November 25, 2010

Guest post: Miss Leslie and stewed pumpkin

Take a quart of stewed pumpkin. Put it into a sieve, and press and strain it as dry as possible. Then set it away to get cold. Beat eight eggs very light, and stir them gradually into the pumpkin, a little at a time, in turn with a quart of rich cream and a pound of sugar. Mix together a quarter of an ounce of powdered mace, two powdered nutmegs, and a table-spoonful of ground ginger, and stir them into the other ingredients. When all is mixed, stir the whole very hard. Cover the bottom of your pie-dishes with a thin paste, and fill them nearly to the top with the mixture. Cut out narrow strips of paste with your jagging-iron, and lay them across the tops of your pies. Bake them from an hour to an hour and a quarter. Send them to table cool. They are best the day they are baked.

This pumpkin pie recipe, appropriate for Thanksgiving, comes from Eliza Leslie (known as Miss Leslie), who was born earlier this month in 1787. Her Seventy-Five Receipts for Pastry, Cakes, and Sweetmeats was one of the earliest American cookbooks, published anonymously in 1828. She also wrote etiquette books, juvenile literature, and was an editor of, and contributor to, literary annuals. The variety of Miss Leslie's literary interests to some extent reflects the diverse subject matter of lady’s magazines, publishing didactic and sentimental stories side by side with work departments, recipes, and the like.

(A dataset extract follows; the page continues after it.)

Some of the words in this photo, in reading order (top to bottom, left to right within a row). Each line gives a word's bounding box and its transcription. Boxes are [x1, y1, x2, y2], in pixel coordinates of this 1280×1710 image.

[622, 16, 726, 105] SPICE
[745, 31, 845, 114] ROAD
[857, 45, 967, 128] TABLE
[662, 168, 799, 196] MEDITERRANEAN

Miss Leslie also edited a famous Philadelphia gift book, The Gift, a Christmas and New Year Present. Eight volumes of the annual were issued from 1833 to 1845; contributors included Edgar A. Poe, Washington Irving, Ralph Waldo Emerson, Henry Wadsworth Longfellow, Nathaniel Parker Willis, Harriet Beecher Stowe, Catharine Maria Sedgwick, Lydia Sigourney, and others. Illustrations were done by Thomas Sully and Eliza’s brother, Charles R. Leslie. The quality of The Gift was, indeed, exceptional; to compare, Miss Leslie’s other project, The Violet: A Christmas and New Year’s Gift, or Birth-day Present was purely commercial and generally tasteless.

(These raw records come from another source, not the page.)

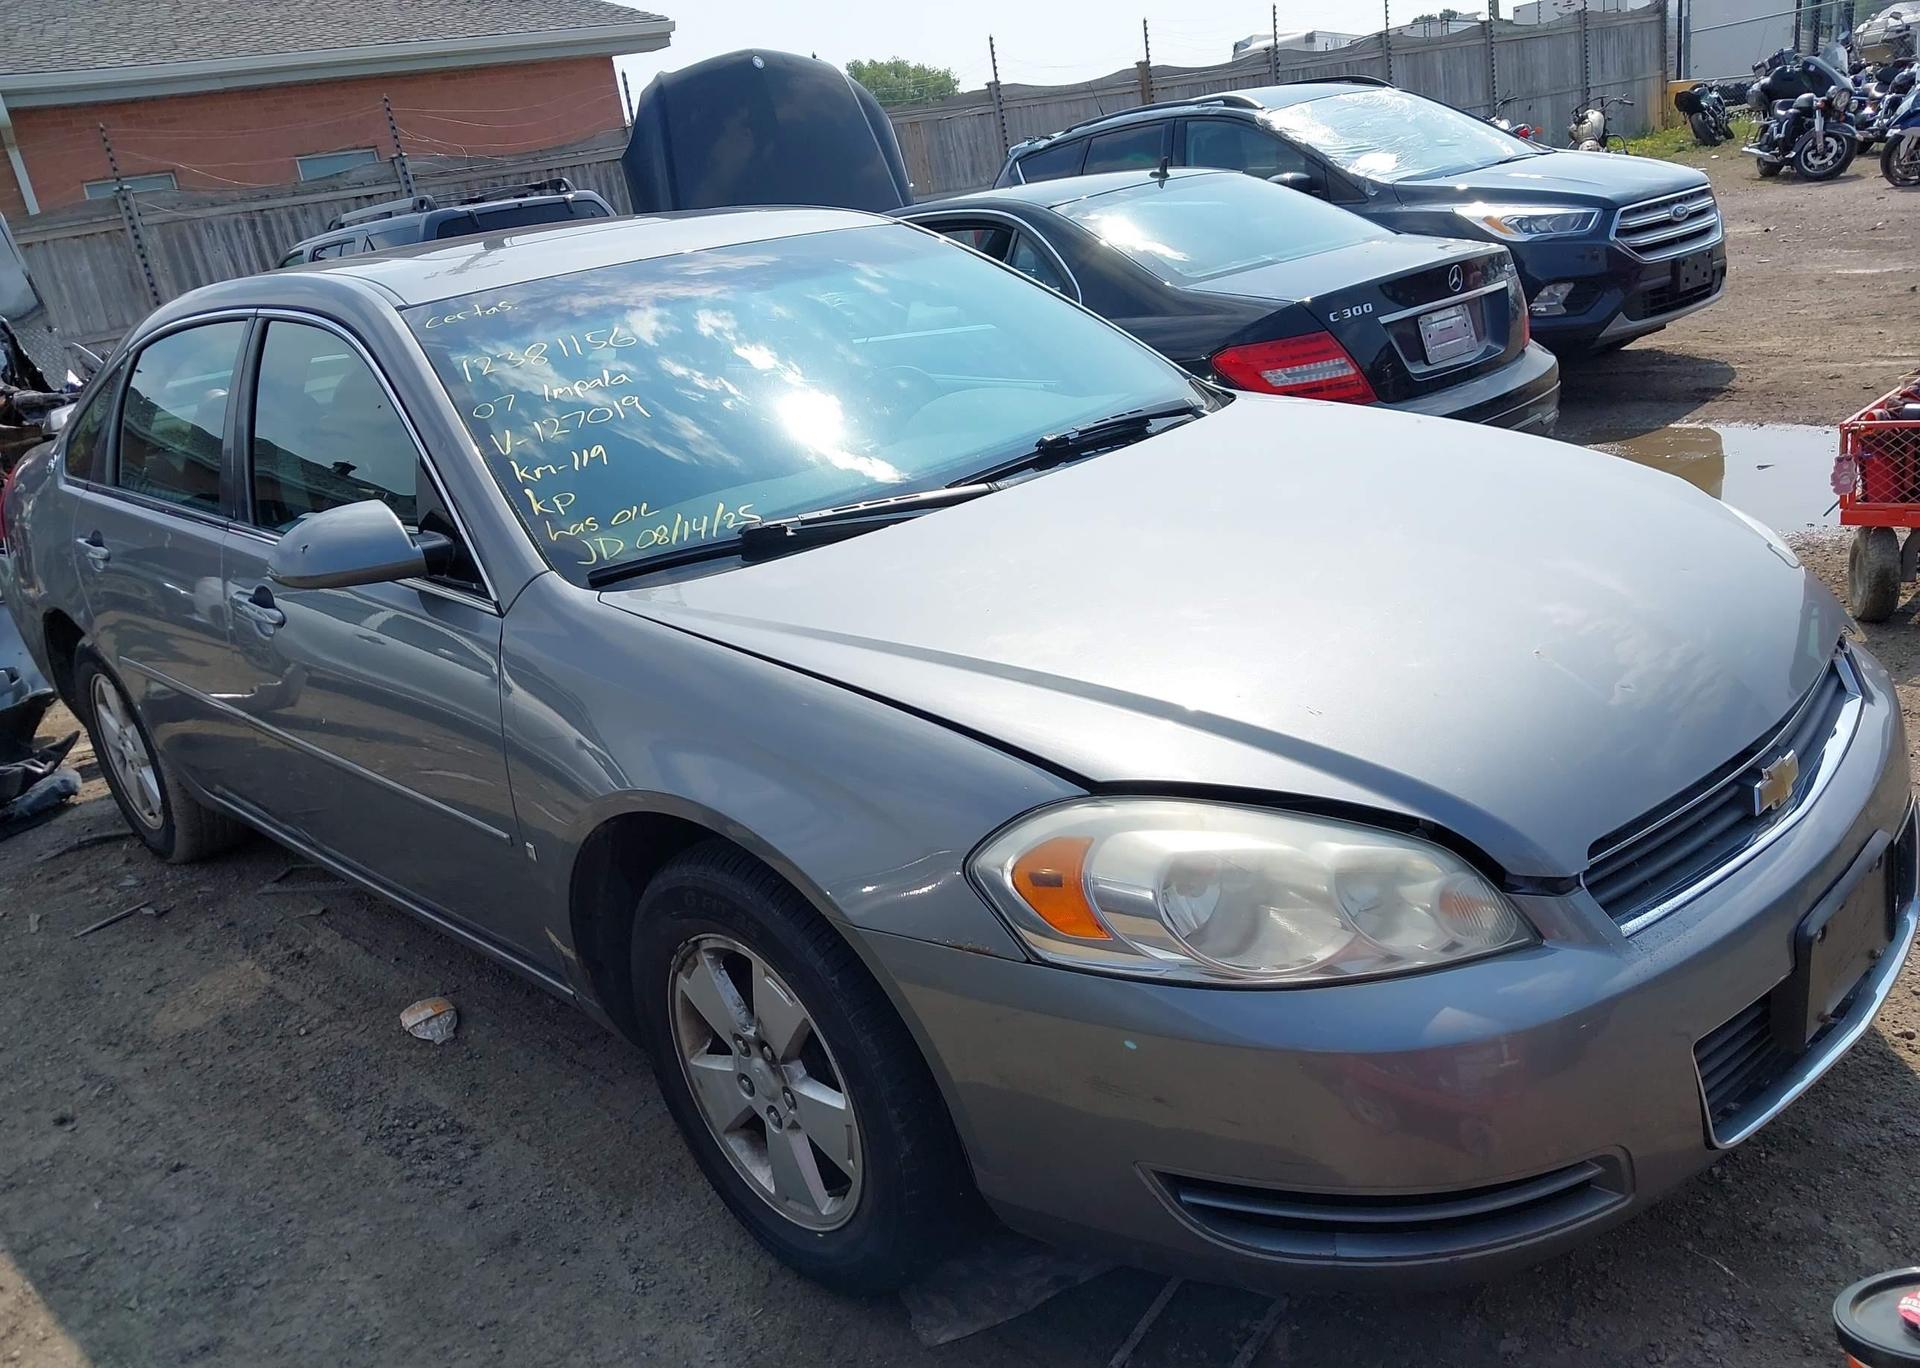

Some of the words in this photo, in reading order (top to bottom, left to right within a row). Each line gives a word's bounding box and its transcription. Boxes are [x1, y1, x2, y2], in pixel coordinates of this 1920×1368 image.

[1329, 311, 1341, 322] C
[1342, 303, 1373, 319] 300
[462, 327, 637, 382] 12381156
[473, 394, 515, 419] 07
[543, 369, 633, 402] Impala
[546, 517, 599, 541] has
[577, 537, 625, 565] JD
[635, 503, 762, 551] 08/14/25

Among Miss Leslie’s own contributions to The Gift is a lovely tale called "The Ghost Book" (The Gift for 1839). A boy with a telling name "Caleb" goes looking for a huckleberry pudding or pumpkin pie recipe in the kitchen loft; instead, he discovers a mysterious hand-written book. Caleb shows the book to his friends, and the boys recognize the hand-writing of their school master Orrin Loomis who left their village some time ago. They go to a ruinous and deserted stable in the neighborhood and read the book aloud.

     "If Master Loomis has put a moral at the fore part," – said Stacey, – "just pass it over, and get on at once with the story."
     "You needn’t tell me that;" – replied Harman, – "but the beginning of this book seems to be tore out, for the first leaf has the figure of five on its corner – and if much of the story is missing, it will be pretty hard to make sense of the rest."
     "And how we can but try," – observed Caleb Rowan – "half a loaf’s better than no bread."

However reading a book without a moral can be dangerous, as Miss Leslie's story shows. Loomis narrates how he was haunted by a mysterious ghost from the closet while living in the family of one of the boys, David Gleason. Then Loomis moved to the house of another boy, Stacey Brooks; his last house was that of Caleb Rowan. Finally the schoolmaster describes that one evening he went to the same old stable to read a book and suddenly "was startled by a strange and unearthly sound that seemed to proceed from a dark corner” behind him. Affrighted by his voice, Harman Brooks interrupts reading at the words “the horrors of my story are coming on." The same moment the boys hear three knocks at the door; they scream falling on each other… and hear the voice of Orrin Loomis, their master.

Loomis was visiting the village on the way to one of the western colleges where he got a job and, passing the stable, was struck by the voice of Harman Brooks "reading something which he soon recognised as the rough copy of a tale, in writing which he had amused some of his leisure hours, intending it for one of the periodicals of the day." He convinced the boys that "the whole narrative of what they called the ghost-book was an entire fiction." The boys were "relieved and delighted" to hear that. We may assume that the reader holding an exquisite and elegant annual in her hands felt "relieved and delighted" too. By the end of the story, she came to realize how much more enjoyable it is to read the gift book than the ghost-book, especially the one with the moral missing!

*Alexandra Urakova is a Senior Researcher at the Gorky Institute of World Literature and Associate Professor of English at the Russian State University for the Humanities, Moscow, Russia. She is the author of The Poetics of Body in the Short Stories of Edgar Allan Poe (Moscow, 2009). On gift books see her essay "'The Purloined Letter' in the Gift Book: Reading Poe in a Contemporary Context" in Nineteenth-Century Literature, 64.3 (2009): 323–346.